Background The interleukin-1 receptor antagonist (IL-1Ra) is a crucial molecule that counteracts the effects of interleukin-1 (IL-1) by binding to its receptor. A high concentration of IL-1Ra is required for complete inhibition of IL-1 activity. However, the currently available Escherichia coli -expressed IL-1Ra ( E. coli IL-1Ra, Anakinra) has a limited half-life. This study aims to produce a cost-effective, functional IL-1Ra on an industrial scale by expressing it in the pyrG auxotroph Aspergillus oryzae . Results We purified A. oryzae -expressed IL-1Ra ( Asp . IL-1Ra) using ion exchange and size exclusion chromatography (53 mg/L). Sodium dodecyl sulfate–polyacrylamide gel electrophoresis (SDS-PAGE) analysis revealed that Asp . IL-1Ra is N-glycosylated and approximately 17 kDa in size. We conducted a comparative study of the bioactivity, binding kinetics, and half-life between Asp . IL-1Ra and E. coli IL-1Ra. Asp . IL-1Ra showed good bioactivity even at a low concentration of 0.5 nM. The in vitro half-life of Asp . IL-1Ra was determined for different time points (0, 24, 48, 72, and 96 h) and showed higher stability than E. coli IL-1Ra, despite exhibiting a 100-fold lower binding affinity (2 nM).
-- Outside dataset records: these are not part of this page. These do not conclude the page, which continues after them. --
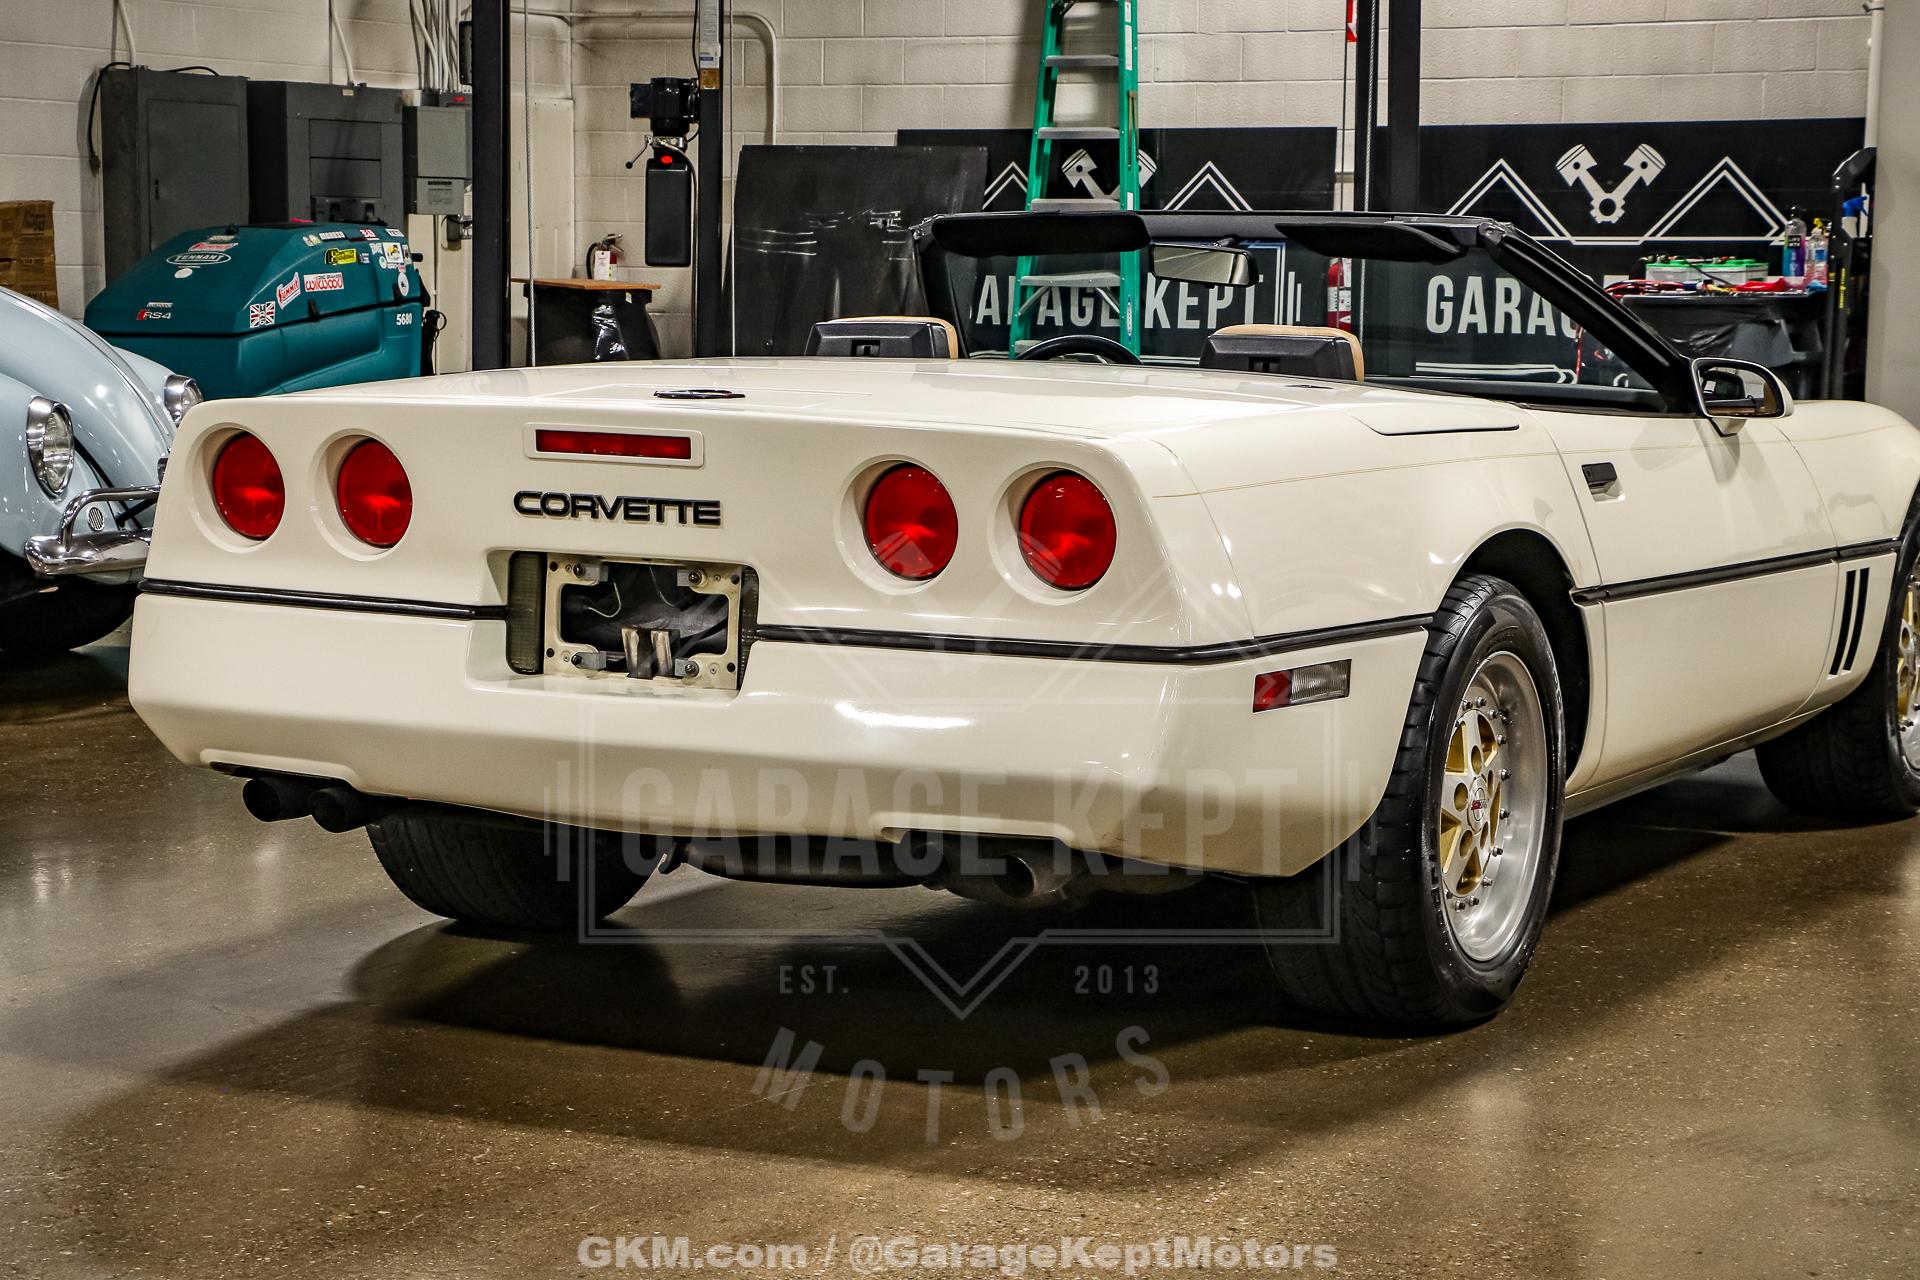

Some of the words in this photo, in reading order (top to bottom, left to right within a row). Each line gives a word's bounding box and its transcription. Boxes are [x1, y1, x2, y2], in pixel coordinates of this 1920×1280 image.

[174, 254, 224, 262] TENNANT
[969, 275, 1120, 328] AAGE
[1144, 272, 1264, 329] KEPT
[142, 311, 172, 320] RS4
[396, 312, 413, 326] 5680
[514, 490, 721, 526] CORVETTE
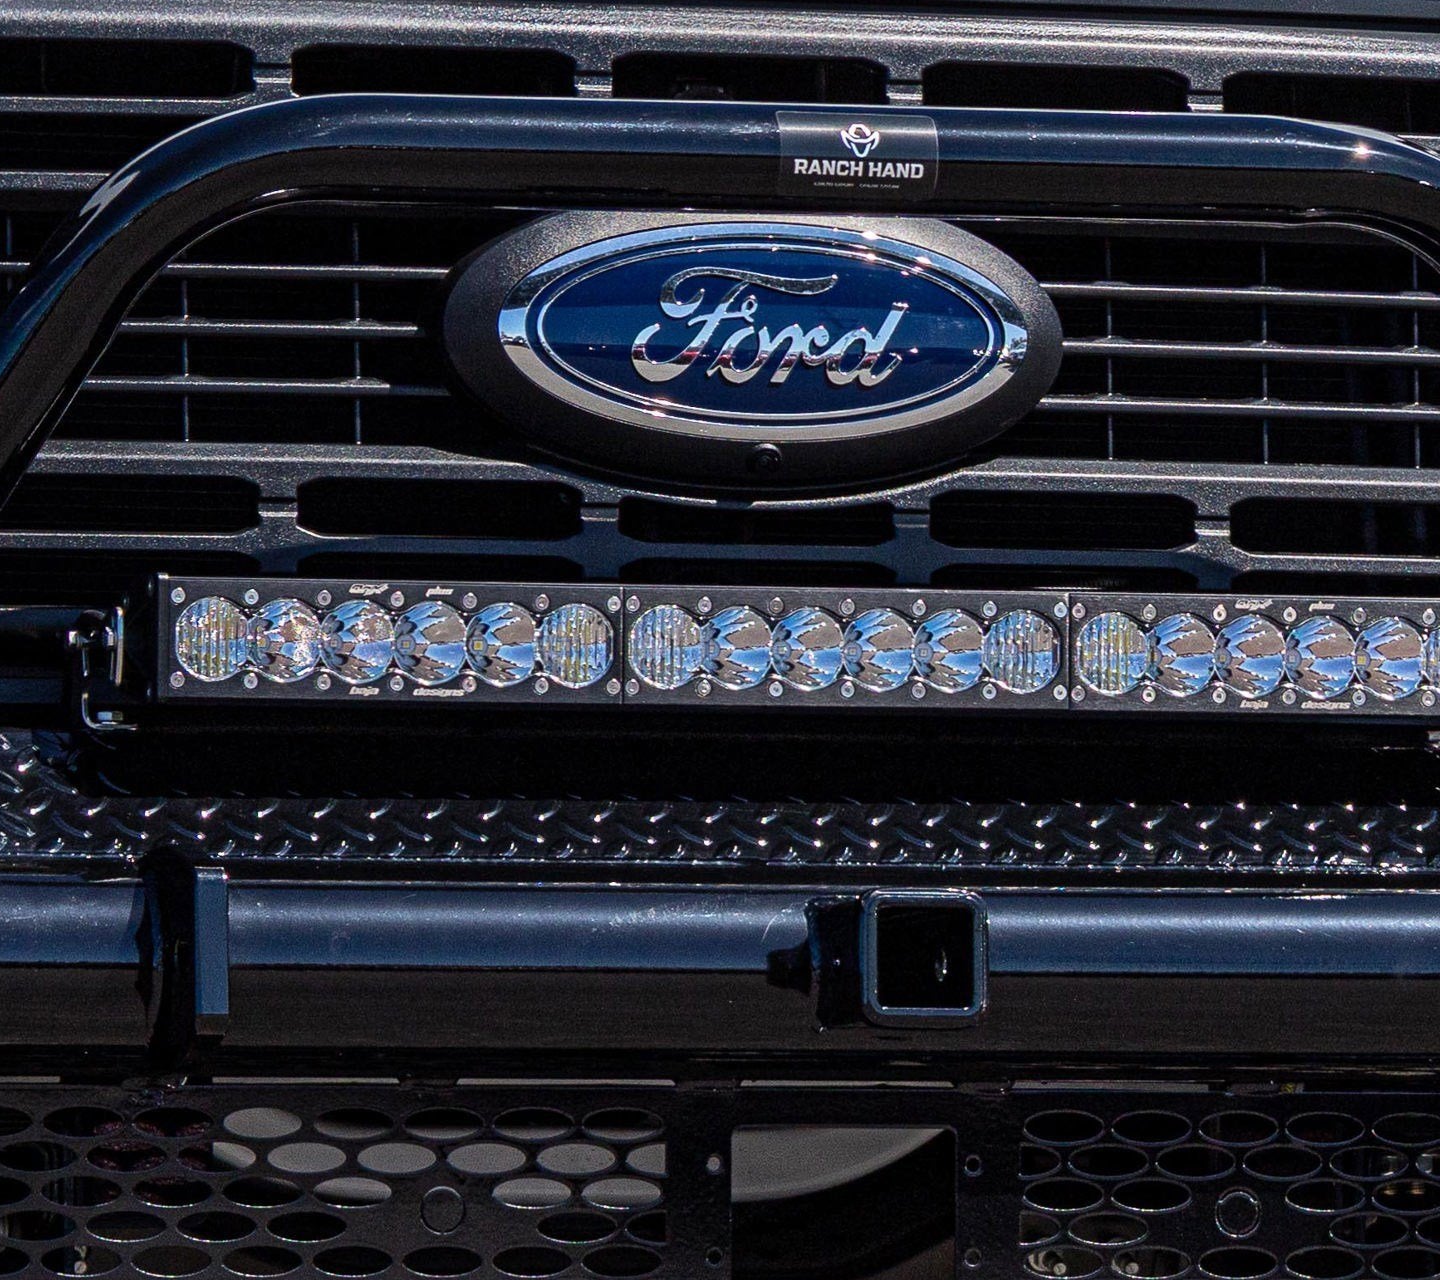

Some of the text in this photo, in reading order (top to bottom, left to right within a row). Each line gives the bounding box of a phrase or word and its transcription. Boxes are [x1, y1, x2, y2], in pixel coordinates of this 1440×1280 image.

[793, 157, 925, 180] RANCH HAND
[630, 266, 910, 387] Ford
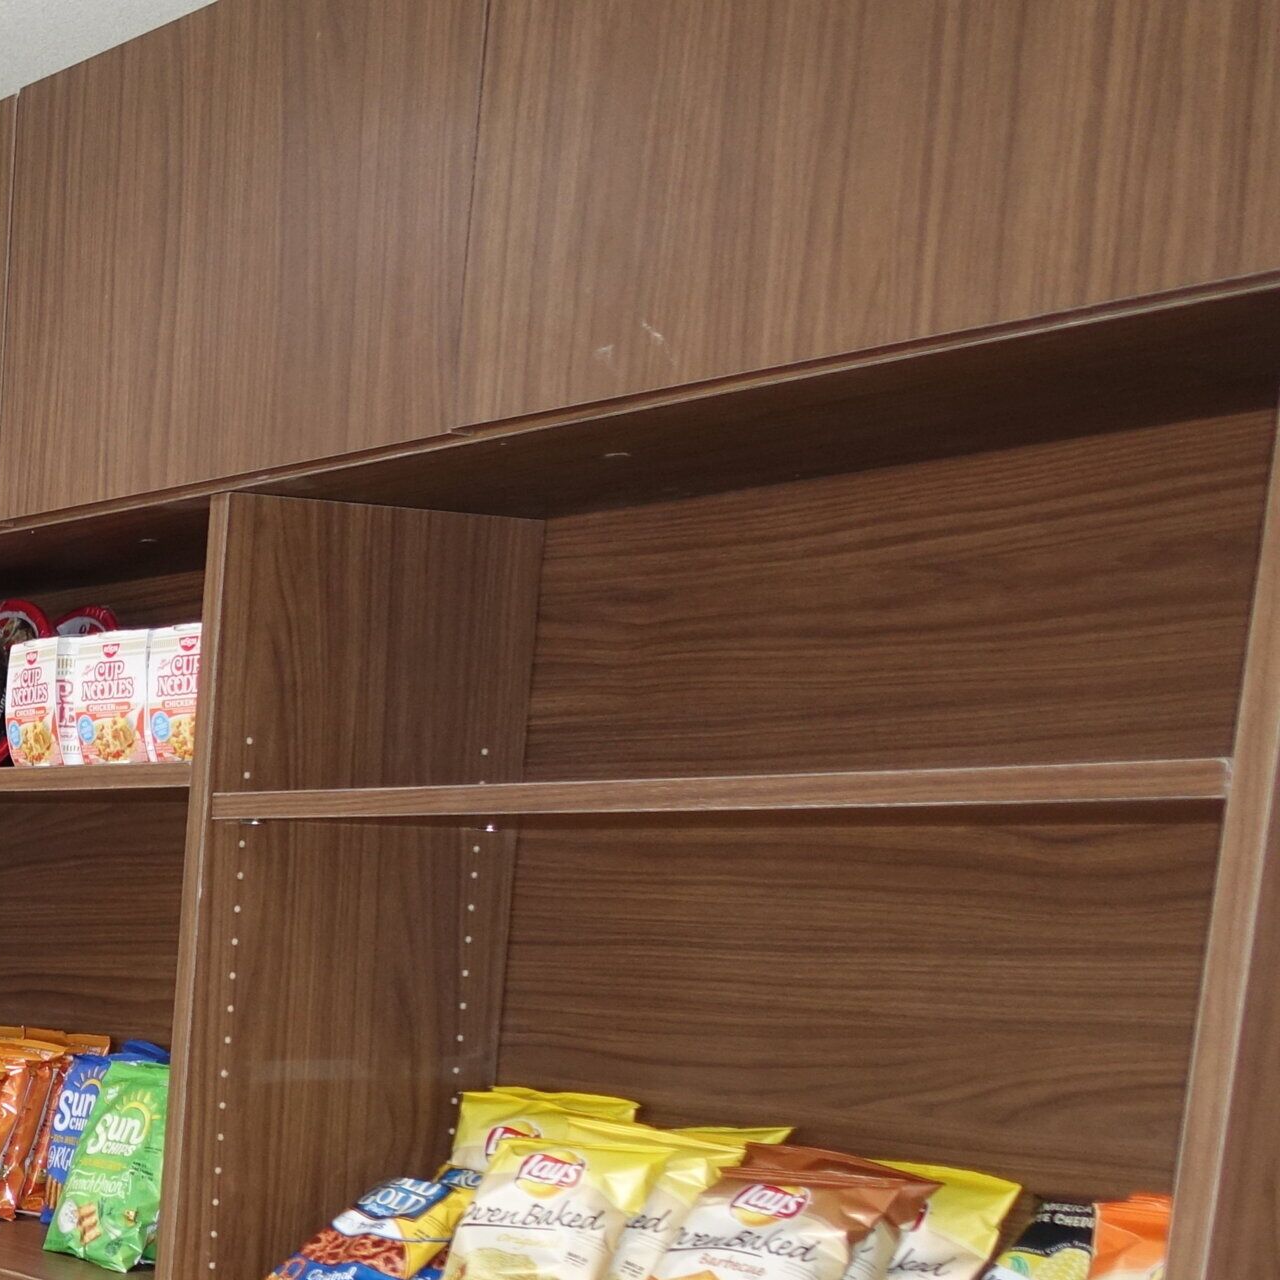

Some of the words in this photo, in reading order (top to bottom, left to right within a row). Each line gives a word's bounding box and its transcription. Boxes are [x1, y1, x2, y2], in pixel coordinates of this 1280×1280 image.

[20, 667, 42, 688] CUP
[94, 660, 125, 681] CUP
[11, 683, 49, 708] NOODLES
[81, 677, 134, 702] NOODLES
[69, 1117, 88, 1132] CHI
[87, 1112, 146, 1155] Sun
[101, 1141, 138, 1157] CHIPS
[522, 1200, 606, 1231] Baked
[726, 1228, 822, 1263] Baked
[699, 1252, 766, 1277] Barbecue
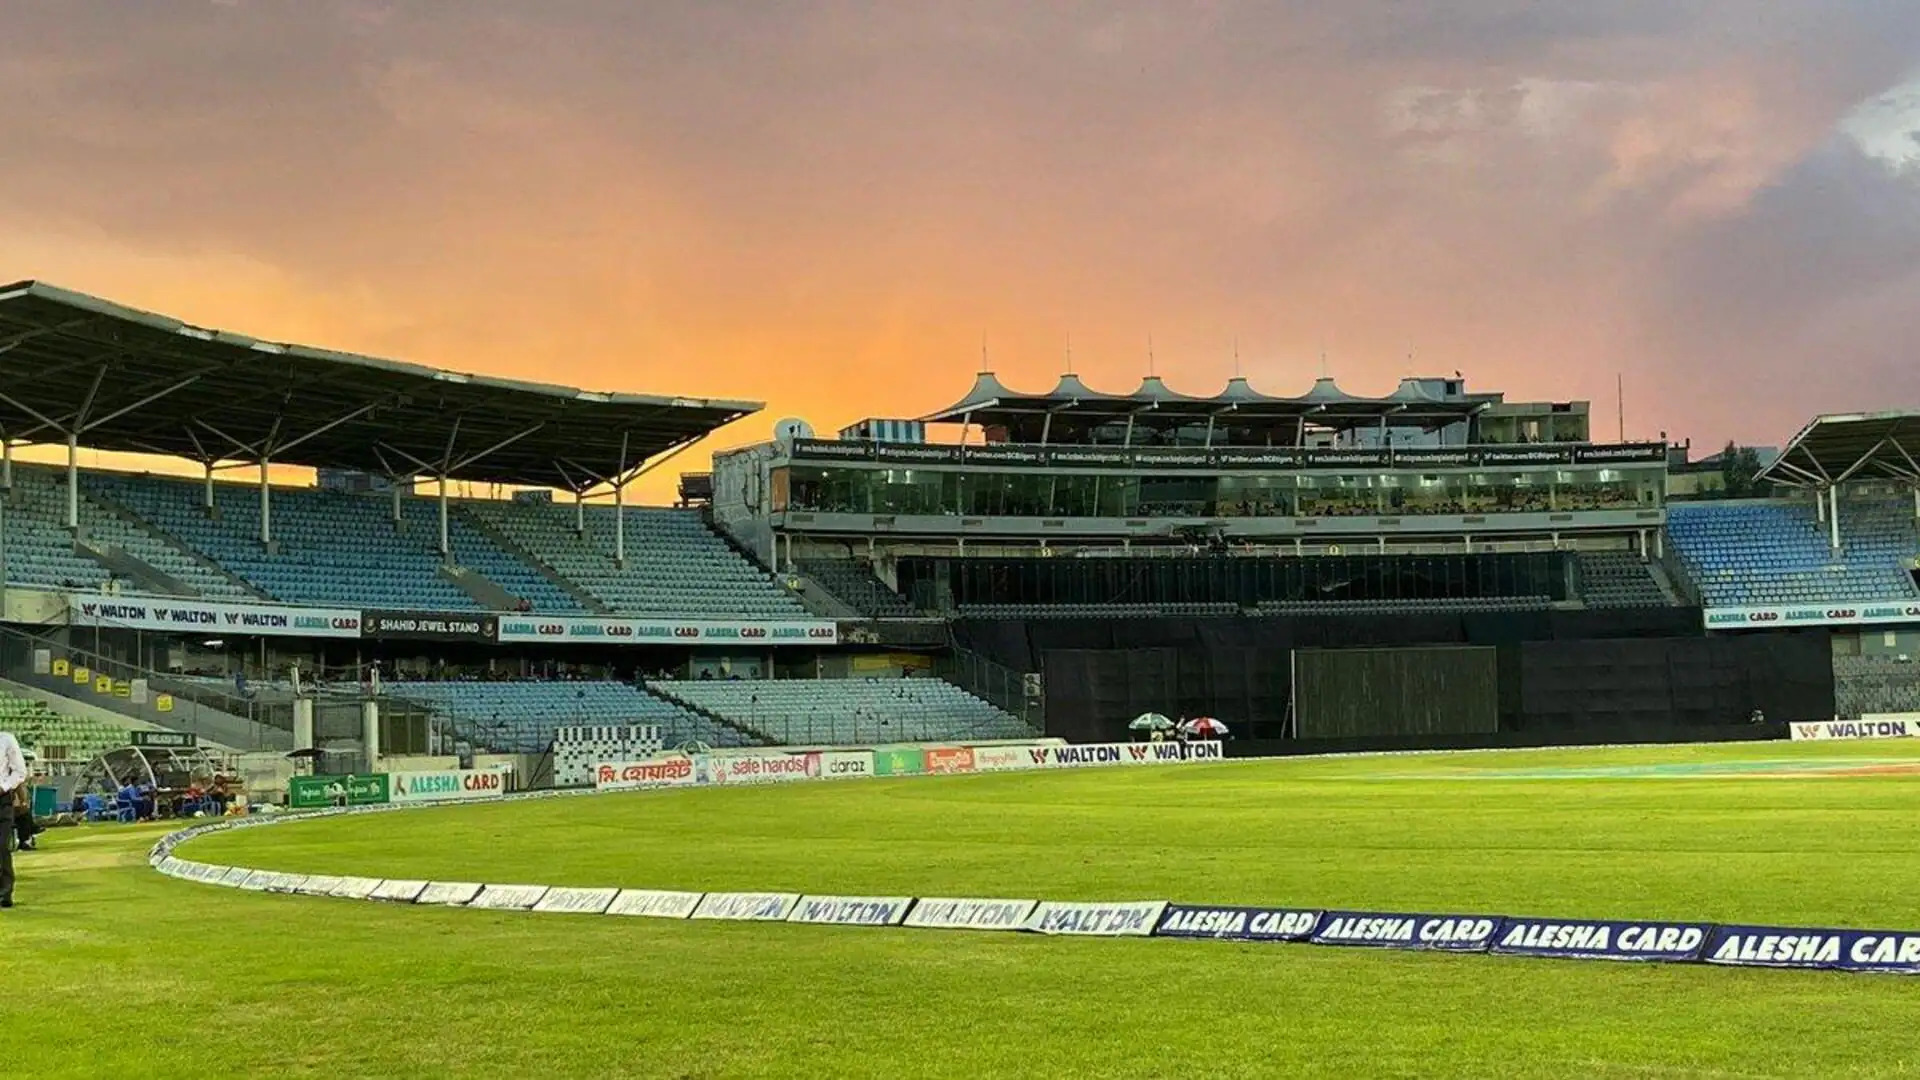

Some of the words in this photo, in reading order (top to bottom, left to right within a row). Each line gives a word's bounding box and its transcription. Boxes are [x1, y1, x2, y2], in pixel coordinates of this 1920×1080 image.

[100, 604, 146, 619] WALTON
[170, 609, 217, 624] WALTON
[1749, 612, 1778, 622] CARD
[1827, 609, 1856, 619] CARD
[241, 612, 287, 627] WALTON
[331, 616, 359, 630] CARD
[380, 619, 416, 631] SHAHID
[416, 620, 448, 632] JEWEL
[448, 621, 480, 633] STAND
[538, 624, 564, 635] CARD
[606, 625, 633, 636] CARD
[674, 626, 699, 637] CARD
[740, 627, 766, 638] CARD
[808, 627, 834, 638] CARD
[1826, 721, 1906, 737] WALTON
[1054, 746, 1121, 763] WALTON
[732, 757, 761, 775] safe
[761, 756, 804, 774] hands
[830, 758, 865, 773] daraz
[409, 775, 460, 793] ALESHA
[463, 773, 500, 791] CARD
[803, 900, 899, 923] WALTON
[1040, 907, 1153, 932] WALTON
[1162, 909, 1246, 934] ALESHA
[1249, 912, 1315, 935] CARD
[1320, 918, 1413, 941] ALESHA
[1418, 918, 1494, 942] CARD
[1500, 924, 1611, 950] ALESHA
[1617, 926, 1702, 952] CARD
[1713, 935, 1841, 962] ALESHA
Conclusion This study reports the production of a functional Asp. IL-1Ra with advantageous stability, without extensive downstream processing. To our knowledge, this is the first report of a recombinant functional and stable IL-1Ra expressed in A. oryzae . Our results suggest that Asp . IL-1Ra has potential for industrial-scale production as a cost-effective alternative to E. coli IL-1Ra.